With a practiced eye [Father Lasuen] could see that the acres immediately below the plateau would best serve as fields for grain and corn.  The lower and more southerly reaches of the terrain toward Los Cerritos, the site of the present Dumbarton Bridge, northward to the present location of Oakland, and easterly to the general neighborhood of Mount Diablo offered teeming acres of rich pasturage for the cattle.  The lofty mountain valleys and meadows in the rear of the mission, watered by the Calaveras Creek and abundant springs, would sustain tens of thousands of sheep.  The plateau itself afforded ample space not only for the building of the mission, but also for its orchards, vegetable gardens, and promenades.  Behind the orchard site, on a sunny stretch of rolling hills rising from the four hundred to the five hundred foot level, the mission grapes would purple without injury from the frosts of winter. At nearby Agua Caliente (now Warm Springs), there bubbled from the earth copious springs of hot medicinal waters.
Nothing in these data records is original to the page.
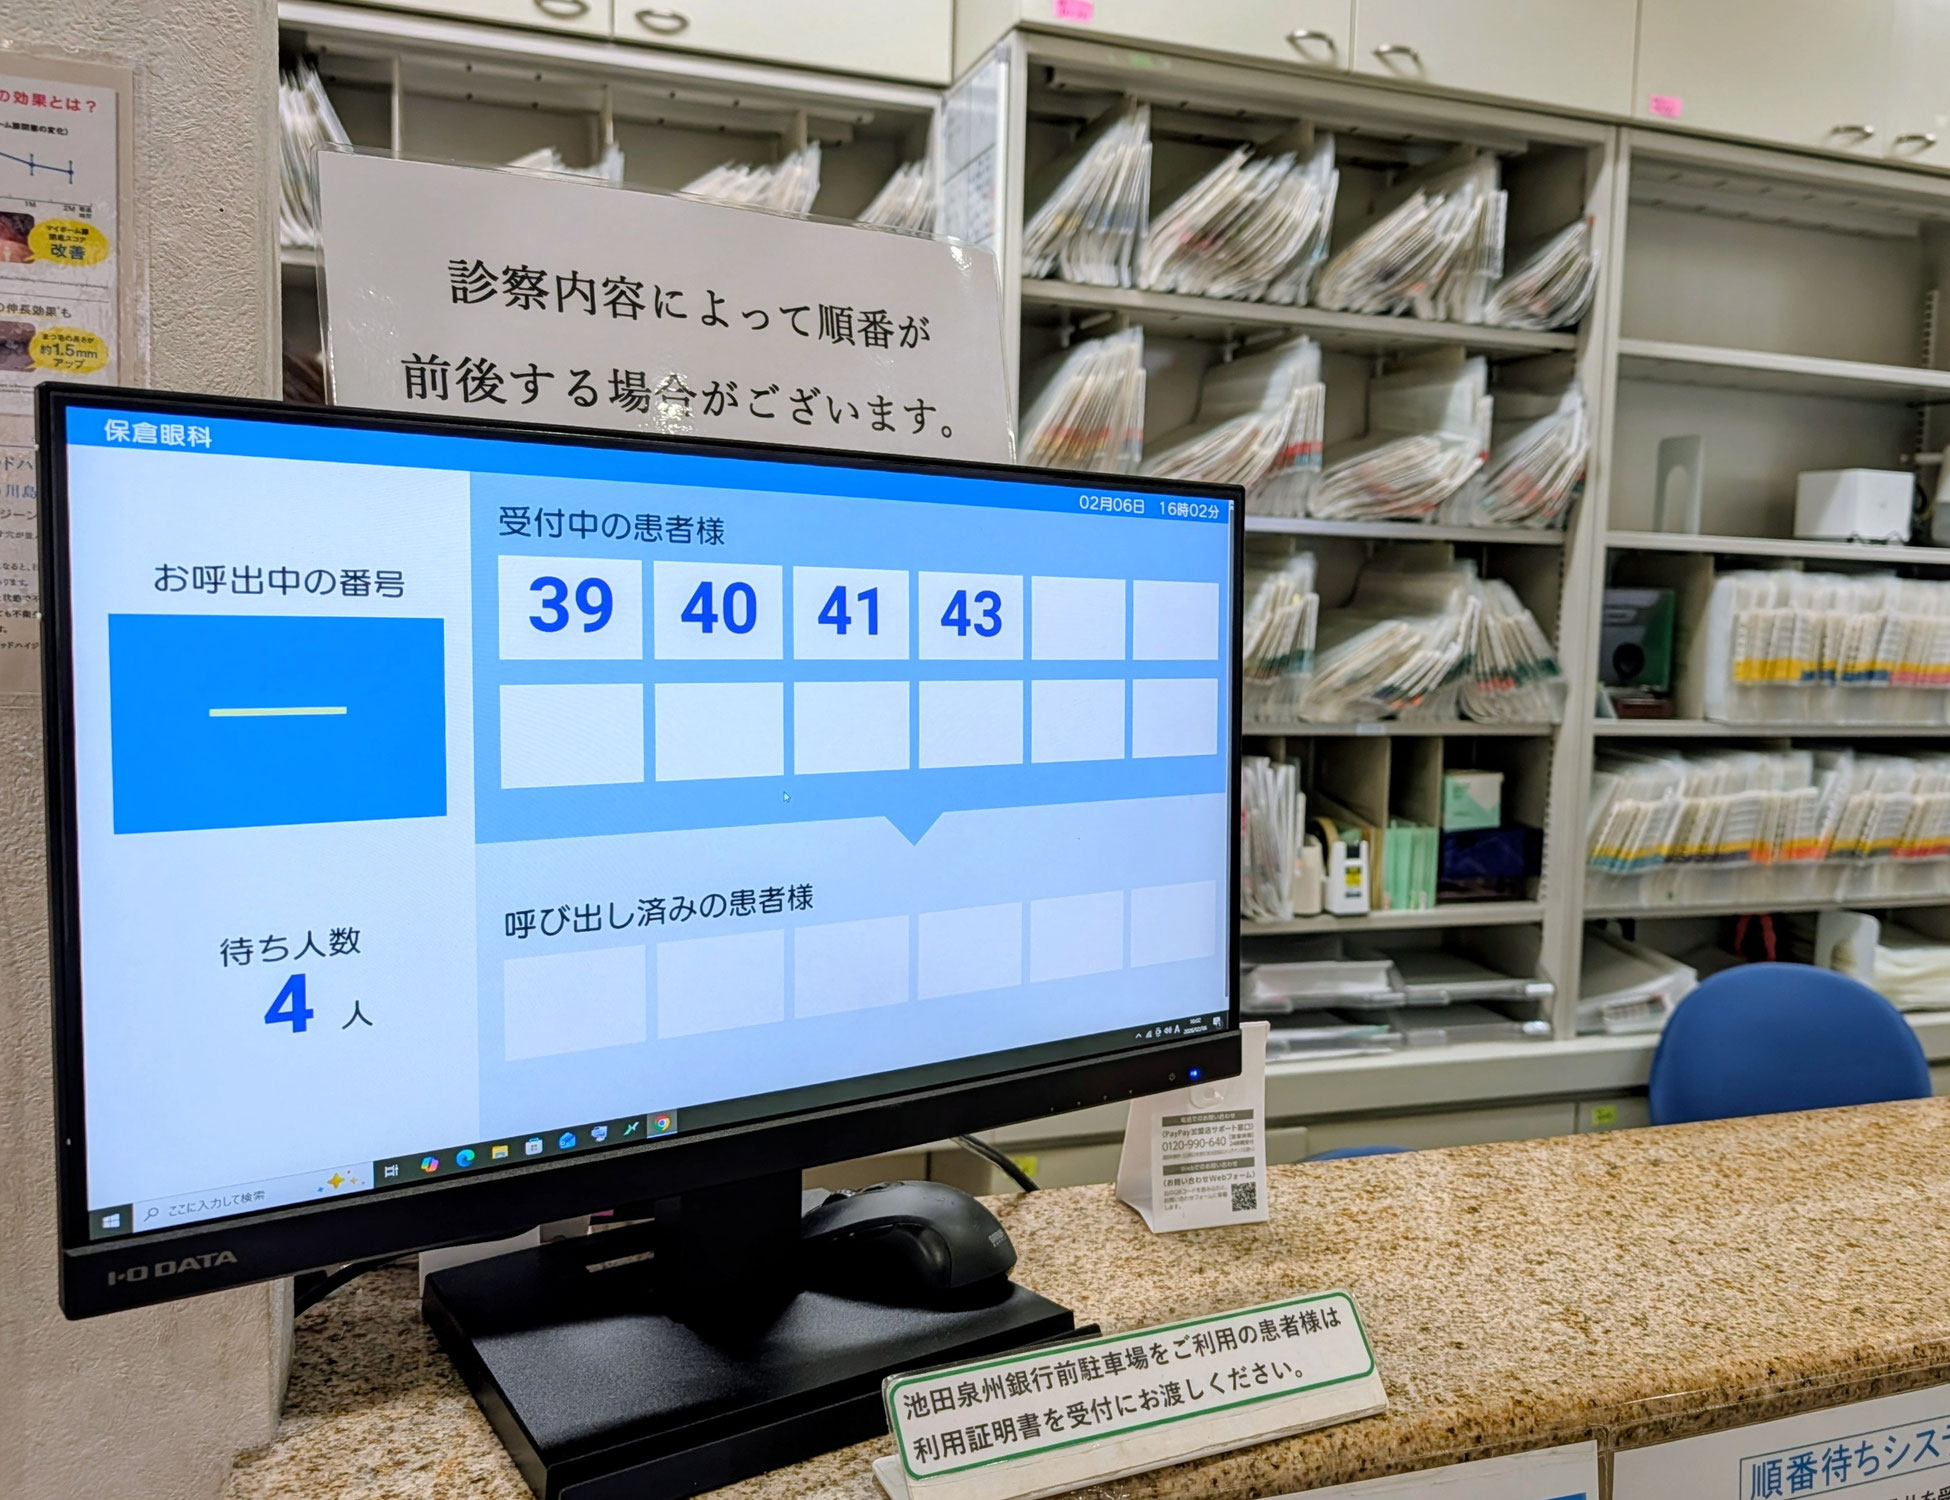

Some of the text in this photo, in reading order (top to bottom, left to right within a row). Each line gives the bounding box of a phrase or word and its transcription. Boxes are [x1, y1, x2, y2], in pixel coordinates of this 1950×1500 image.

[51, 243, 86, 260] 改善
[448, 257, 931, 350] 診察内容によって順番が
[40, 343, 98, 359] 約1.5mm
[53, 358, 85, 369] アップ
[400, 352, 956, 440] 前後する場合がございます。
[104, 418, 213, 449] 保倉眼科
[498, 506, 726, 546] 受付中の患者様
[1078, 494, 1220, 521] 02月06日 16時02分
[153, 563, 406, 599] お呼出中の番号
[529, 576, 1002, 638] 39 40 41 43
[504, 882, 815, 940] 呼び出し済みの患者様
[219, 926, 362, 968] 待ち人数
[264, 973, 373, 1033] 4 人
[1162, 1136, 1227, 1152] 0120-990-640
[168, 1190, 265, 1217] ここに入力して検索
[154, 1249, 239, 1278] DATA
[903, 1306, 1343, 1420] 池田泉州銀行前駐車場をご利用の患者様は
[913, 1360, 1305, 1463] 利用証明書を受付にお渡しください。
Father President directed some of the escort to construct a large cross on the ground, and others to build in the open an enramada, of “bower of branches,” with an altar in its shelter, in preparation for the ceremony of founding the mission set for the next day.

“Very early in the morning,” the first day of the week, June 11, 1797, the Feast of the Most Holy Trinity, the reverend Fathers, the Spanish soldiers, and the Loreto Indians assembled for the dedicatory ceremony.  The unusual stir in the camp, the ringing of the bell, the firing of the muskets, the smoke of the incense, the lighting of the Mass candles, the sight of the beautiful vestments of the priests – all attracted groups of [Indians] to the scene.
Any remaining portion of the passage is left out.